The effort is aided by the city, which provided summer jobs for 20 of last year’s students. Project partners representing private enterprise pitch in by providing speakers from various industries and occasional field trips to their places of work.
As a result of the effort, organizers said last year’s crop of participating students had a 20% to 30% reduction in suspensions for disciplinary reasons. In addition, project coordinator Willie E. Elston said he believes that they had less absenteeism and markedly improved attitudes toward school, although neither has yet been documented.
Not everyone, however, is entirely happy with how the partnership is working out.
Of the program’s annual $115,000 budget, administrators said just $40,000--about 34%--comes from private enterprise. The remainder comes almost entirely from the city, with the school district providing the facilities and some staff members.
“The program appears to be successful,” district Supt. E. Tom Guigni said, “but not to the point that I’m ready to expand it to other schools. It’s supposed to be a partnership involving the city, the school district and the private sector. The city and some aspects of the private sector are supportive, but we need more private-sector support.”
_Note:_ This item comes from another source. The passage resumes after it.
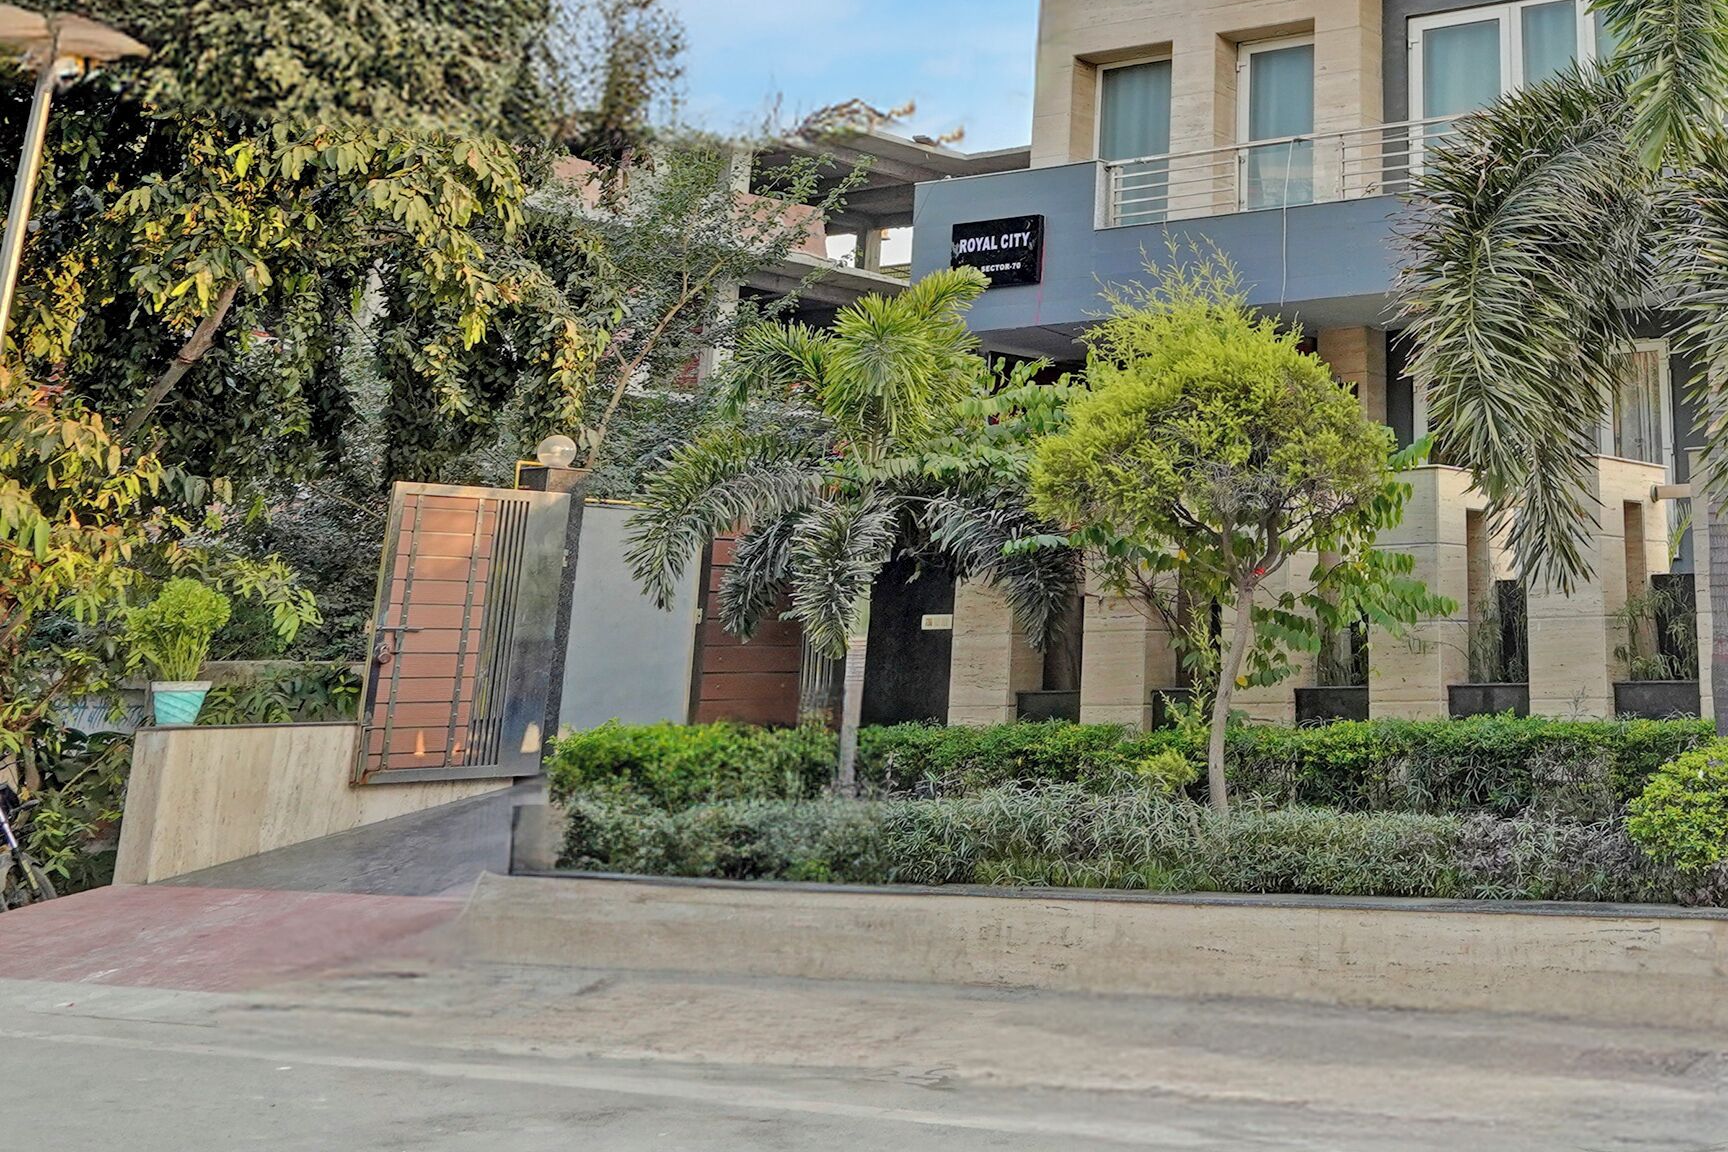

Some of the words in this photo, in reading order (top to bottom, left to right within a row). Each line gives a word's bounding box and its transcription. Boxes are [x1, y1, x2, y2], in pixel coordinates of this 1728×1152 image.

[960, 236, 998, 253] ROYAL
[1000, 232, 1031, 248] CITY
[981, 262, 1021, 273] SECTOR-70
Dewey Smith, manager of community relations for McDonnell Douglas Corp. and a member of the Cities in Schools board, attributed the relatively low level of private-sector support to the program’s low profile. “It’s a new program in Long Beach, and I think perhaps that there’s not enough information out to the local businesses regarding it,” he said.
Project administrators said they are working to alleviate that problem by aggressively approaching local corporations to tell them of the project and ask for additional support. In the meantime, the kids at Marshall seem to be among the program’s biggest boosters.
“This is teaching me more than any of my other classes,” Gomez said. “It’s the only class I care about.”
“At first I thought it was boring,” Oramas said, “but now I think it’s all right. It shows you that school can be fun if you really get involved.”